▶ [TASK REQUIREMENTS] The records below are to be reproduced exactly, with every picture left out.

▶ [EXERCISE DATA]
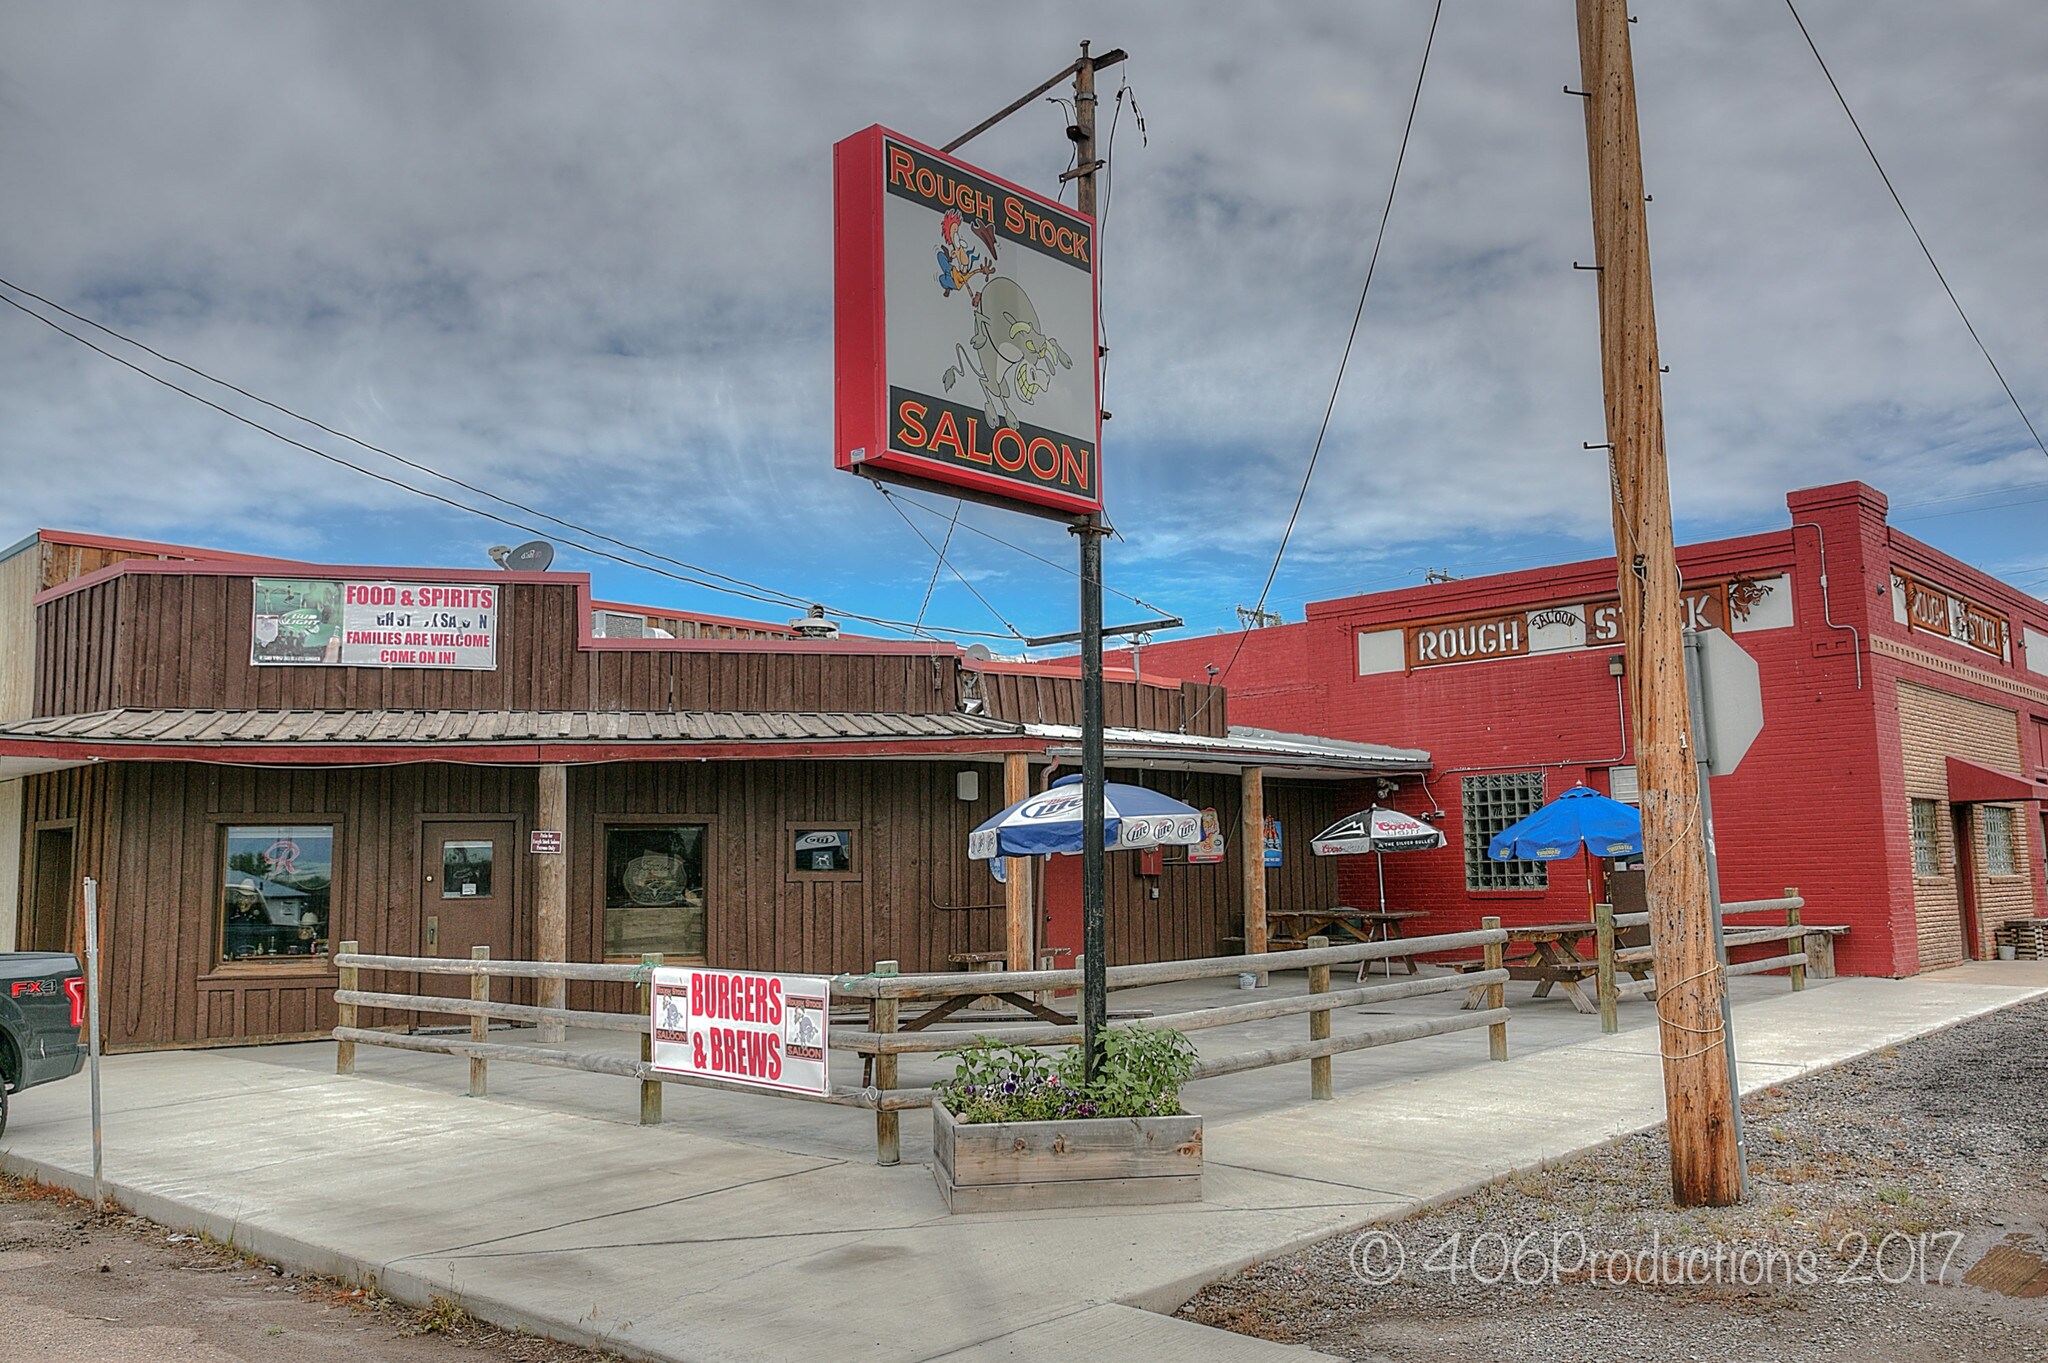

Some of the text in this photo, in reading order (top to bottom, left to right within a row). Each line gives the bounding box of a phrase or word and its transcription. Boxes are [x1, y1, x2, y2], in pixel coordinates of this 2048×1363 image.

[889, 145, 1090, 263] ROUGH STOCK
[897, 399, 1090, 491] SALOON
[346, 585, 493, 609] FOOD & SPIRITS
[346, 631, 490, 648] FAMILIES ARE WELCOME
[1418, 620, 1520, 661] ROUGH
[381, 650, 456, 664] COME ON IN!
[1376, 821, 1420, 831] Coors
[11, 979, 57, 999] FX4
[691, 973, 782, 1026] BURGERS
[656, 1030, 687, 1042] SALOON
[693, 1026, 782, 1081] & BREWS
[786, 1045, 822, 1059] SALOON
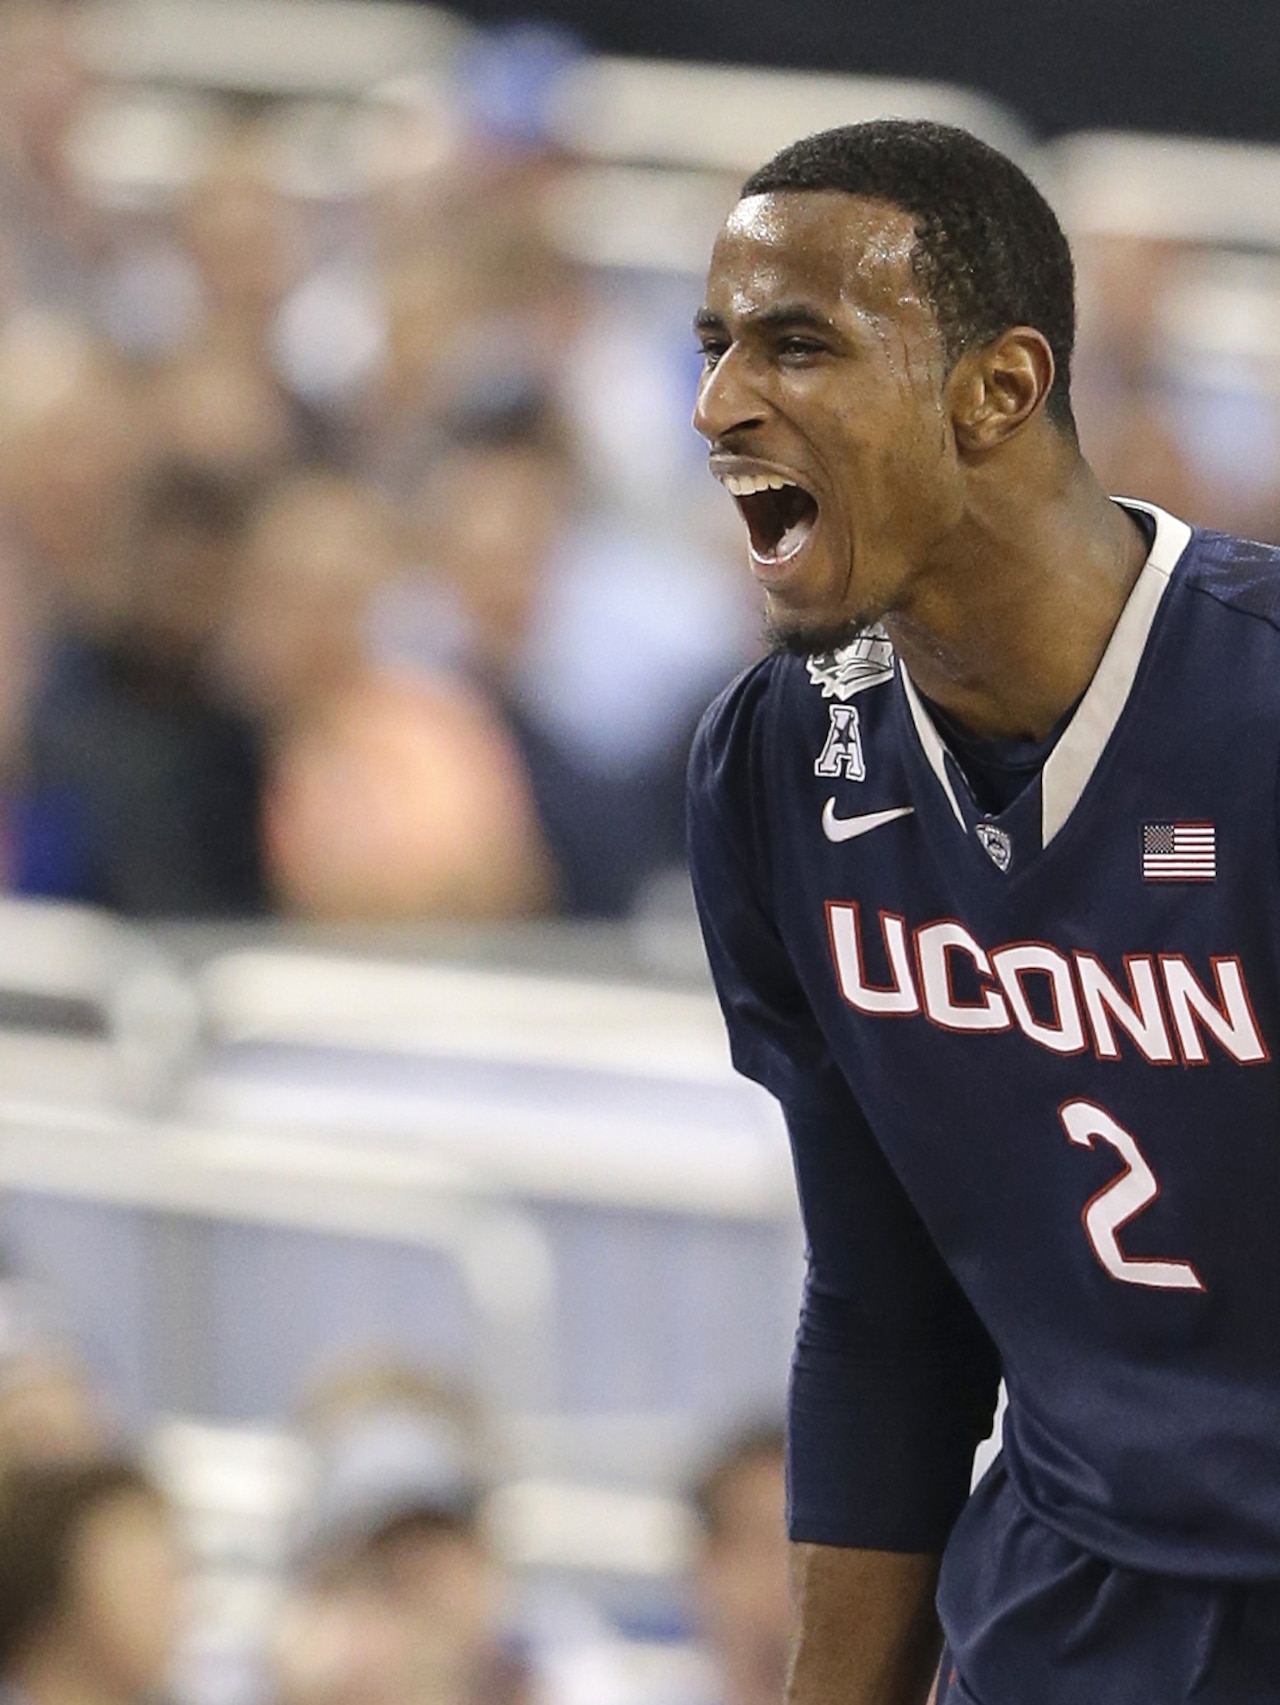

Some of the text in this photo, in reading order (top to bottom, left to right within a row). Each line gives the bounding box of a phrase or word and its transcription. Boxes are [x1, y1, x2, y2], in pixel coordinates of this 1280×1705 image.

[815, 705, 866, 781] A
[826, 901, 1270, 1064] UCONN
[1059, 1099, 1206, 1291] 2
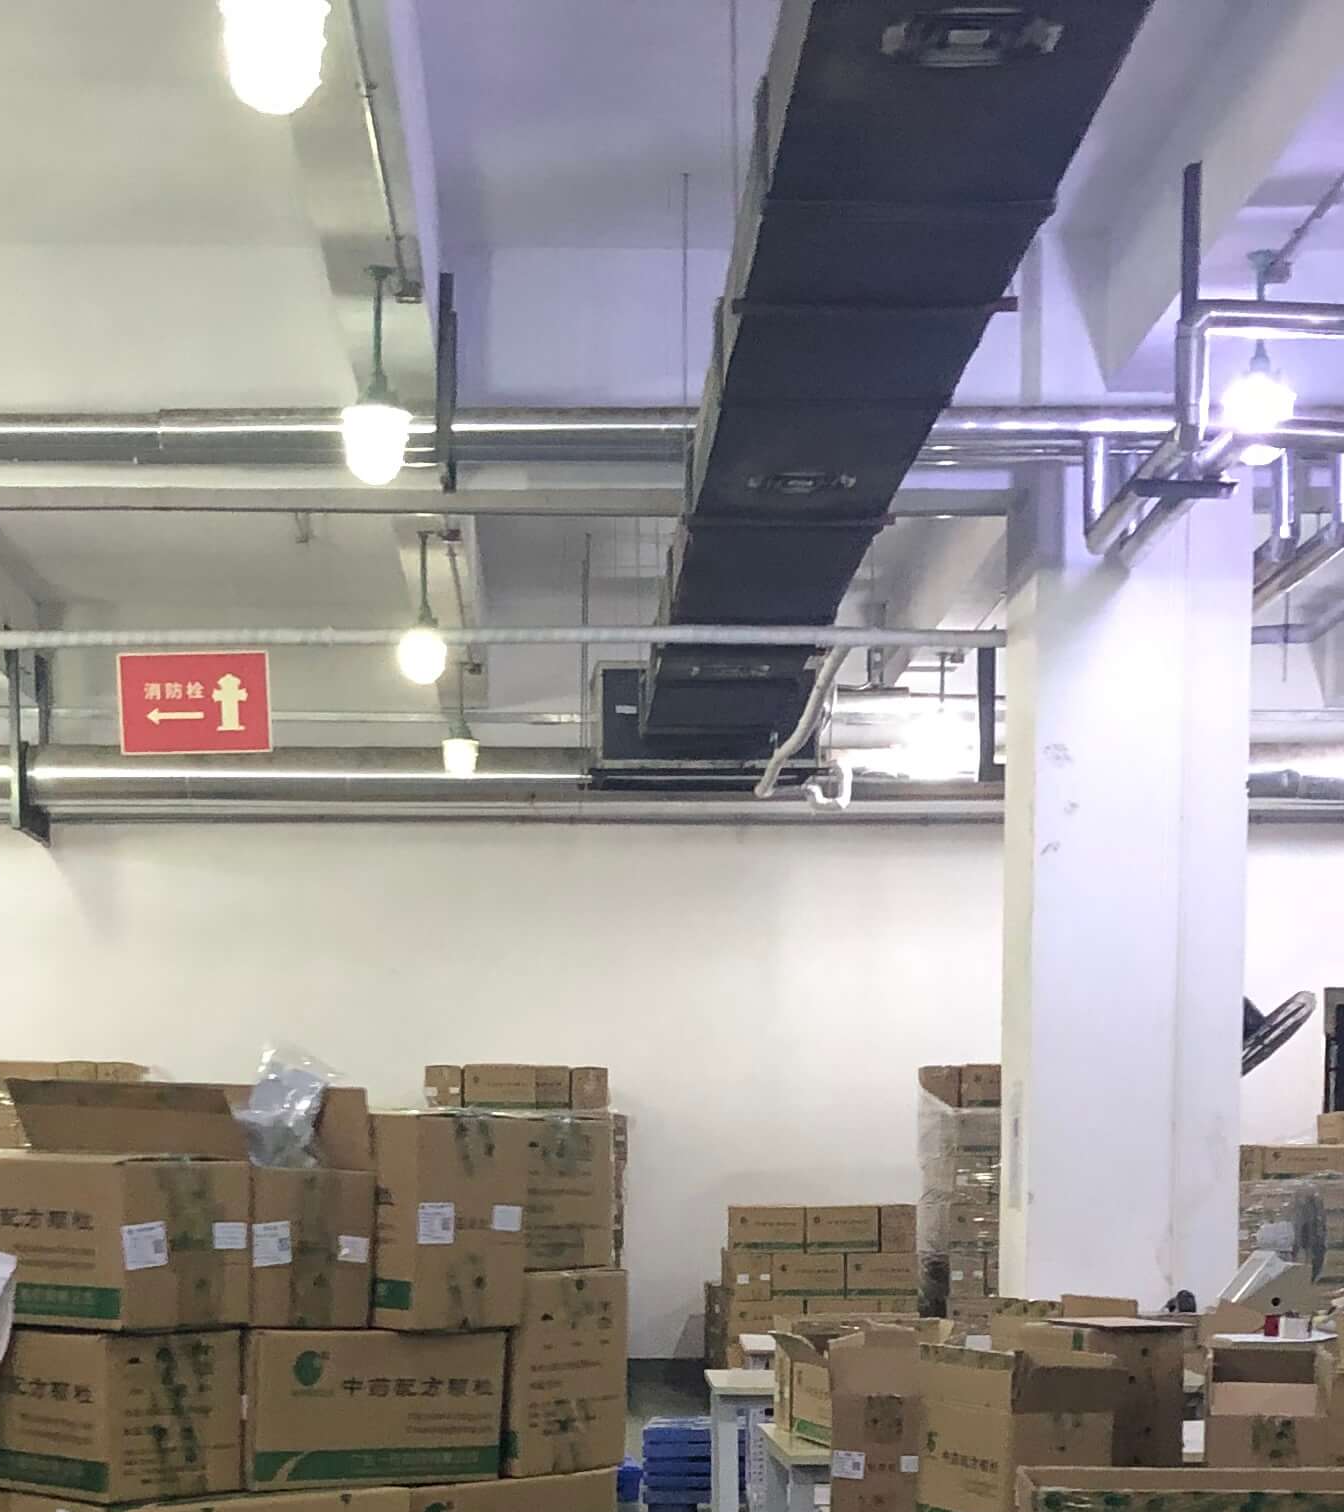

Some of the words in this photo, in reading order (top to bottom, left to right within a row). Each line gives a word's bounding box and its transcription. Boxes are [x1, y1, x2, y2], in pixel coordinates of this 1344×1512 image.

[144, 681, 205, 700] 消防栓
[343, 1375, 495, 1398] 中药配方颗粒
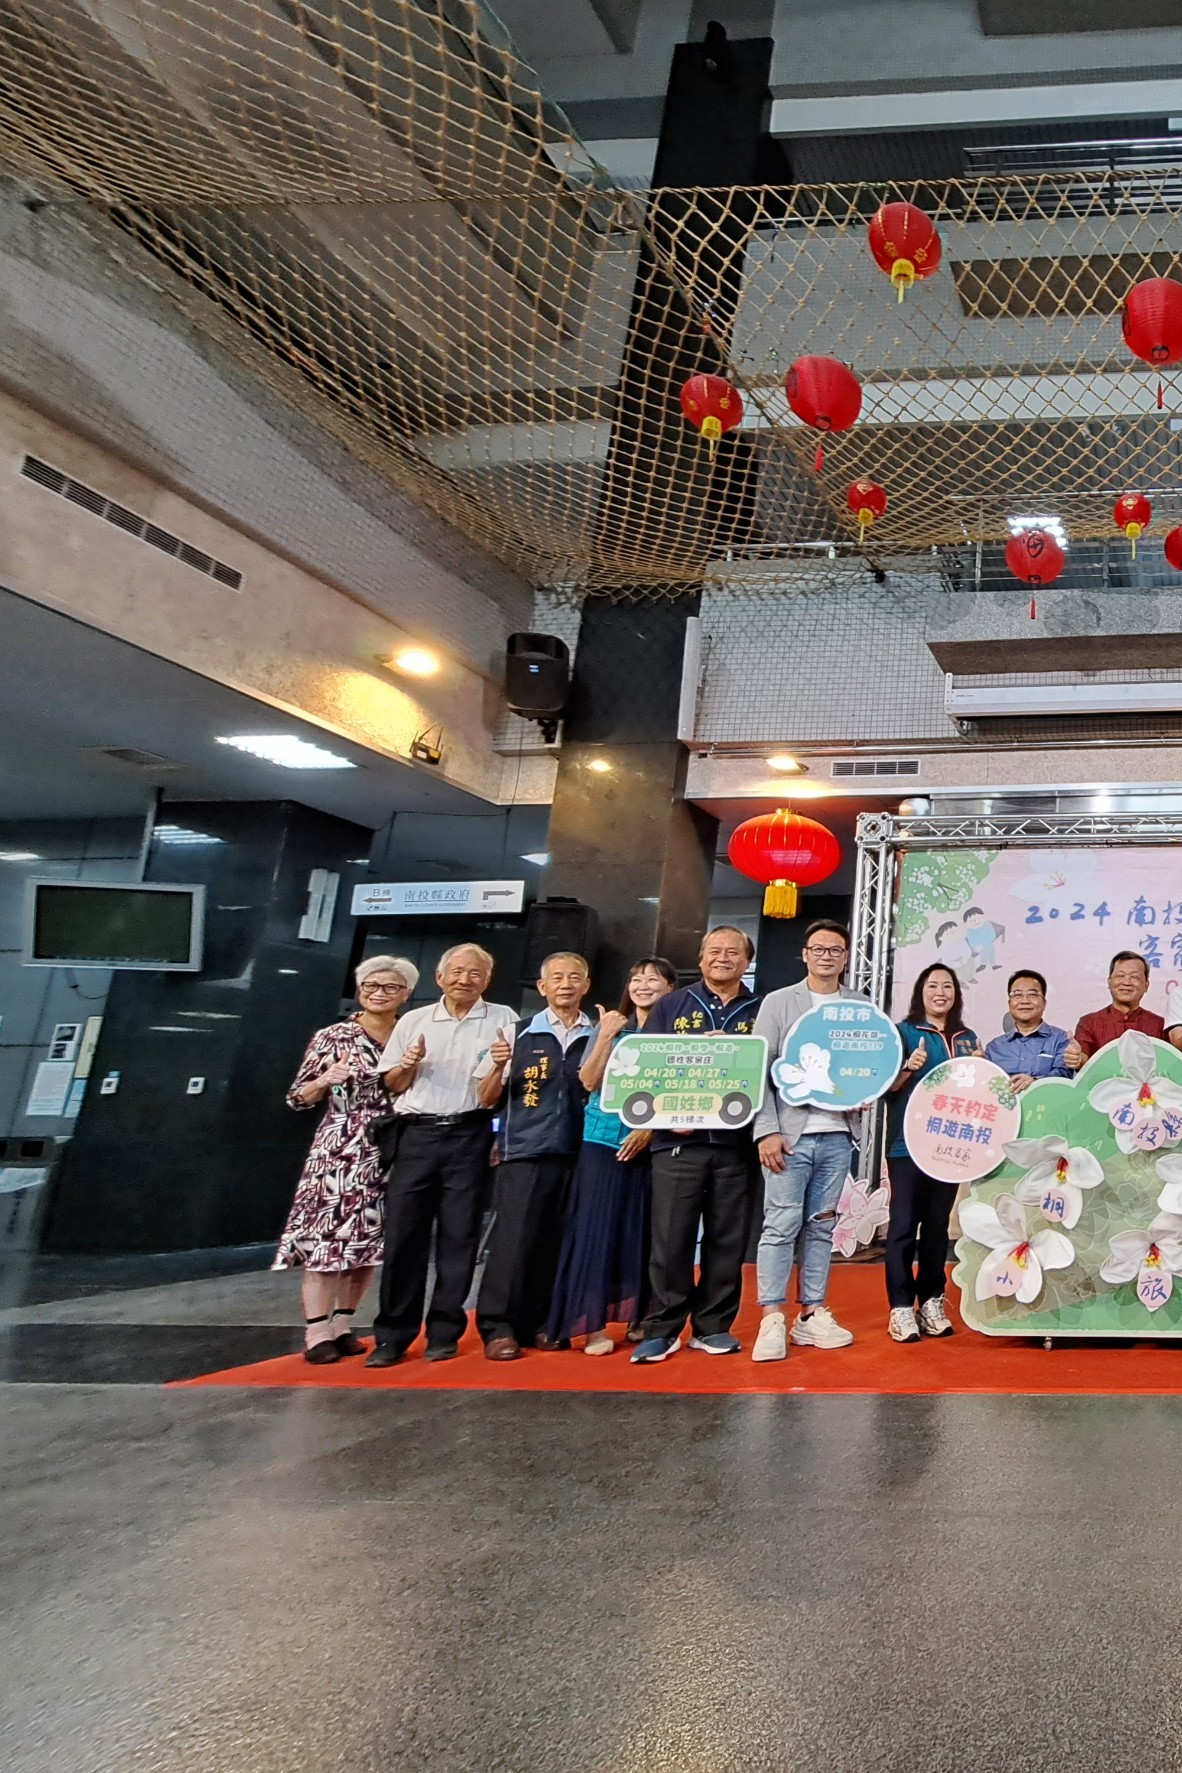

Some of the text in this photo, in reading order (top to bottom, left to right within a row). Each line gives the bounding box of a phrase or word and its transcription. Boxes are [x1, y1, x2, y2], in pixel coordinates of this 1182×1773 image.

▶ [TASK RESPONSE]
Some of the text in this photo, in reading order (top to bottom, left to right within a row). Each line gives the bounding box of a phrase or word and its transcription. Boxes are [x1, y1, x2, y2], in pixel coordinates of this 2048×1363 image.

[889, 145, 1090, 263] ROUGH STOCK
[897, 399, 1090, 491] SALOON
[346, 585, 493, 609] FOOD & SPIRITS
[346, 631, 490, 648] FAMILIES ARE WELCOME
[1418, 620, 1520, 661] ROUGH
[381, 650, 456, 664] COME ON IN!
[1376, 821, 1420, 831] Coors
[11, 979, 57, 999] FX4
[691, 973, 782, 1026] BURGERS
[656, 1030, 687, 1042] SALOON
[693, 1026, 782, 1081] & BREWS
[786, 1045, 822, 1059] SALOON

Some of the text in this photo, in reading order (top to bottom, left to right within a row). Each line gives the bounding box of a phrase or word and its transcription. Boxes are [x1, y1, x2, y2], in pixel coordinates of this 1280×1705 image.

[815, 705, 866, 781] A
[826, 901, 1270, 1064] UCONN
[1059, 1099, 1206, 1291] 2

Some of the words in this photo, in reading order (top to bottom, left to right within a row). Each line gives a word's bounding box and its transcription. Boxes are [x1, y1, x2, y2], in pixel coordinates of this 1344×1512 image.

[144, 681, 205, 700] 消防栓
[343, 1375, 495, 1398] 中药配方颗粒

Some of the text in this photo, in reading order (top to bottom, left to right within a row). Each line gives the bounding box of a phrase or word and its transcription. Boxes are [x1, y1, x2, y2], in pixel coordinates of this 1182×1773 image.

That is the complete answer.